[Collected data]
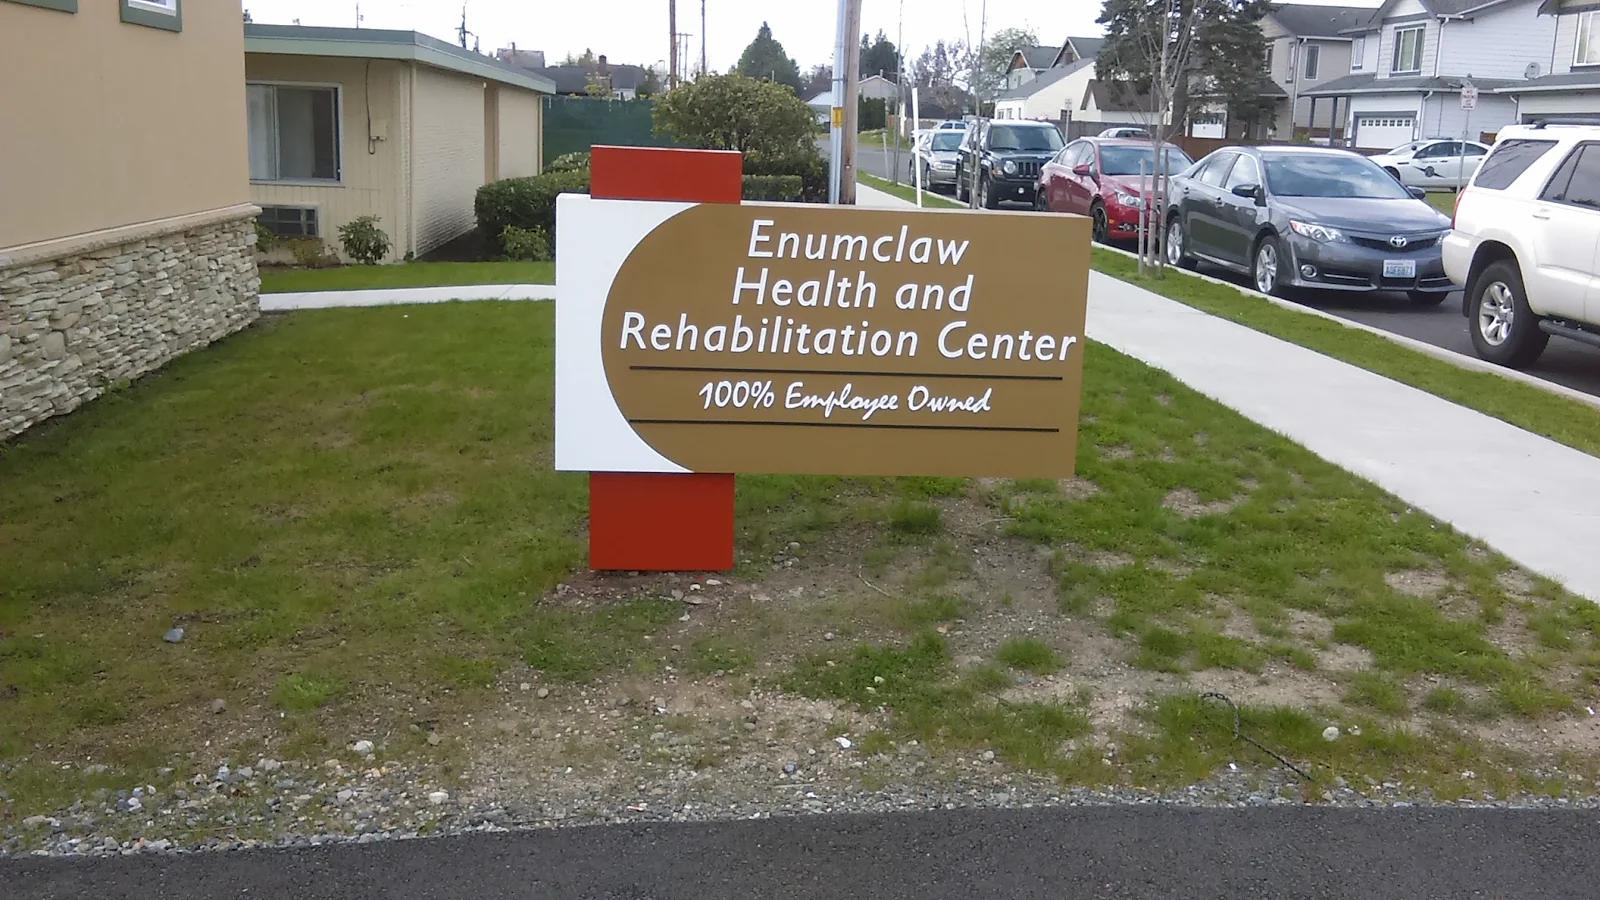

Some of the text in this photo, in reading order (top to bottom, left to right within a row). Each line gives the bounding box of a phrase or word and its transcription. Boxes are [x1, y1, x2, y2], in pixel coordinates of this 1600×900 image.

[747, 218, 970, 266] Enumclaw
[732, 266, 975, 312] Health and
[619, 311, 1077, 362] Rehabilitation Center
[698, 380, 993, 421] 100% Employee Owned

*PROBLEM DESCRIPTION:* A word-for-word copy of all the data, without pictures, is the expected output.

*YOUR SOLUTION:*
Some of the text in this photo, in reading order (top to bottom, left to right within a row). Each line gives the bounding box of a phrase or word and its transcription. Boxes are [x1, y1, x2, y2], in pixel coordinates of this 1600×900 image.

[747, 218, 970, 266] Enumclaw
[732, 266, 975, 312] Health and
[619, 311, 1077, 362] Rehabilitation Center
[698, 380, 993, 421] 100% Employee Owned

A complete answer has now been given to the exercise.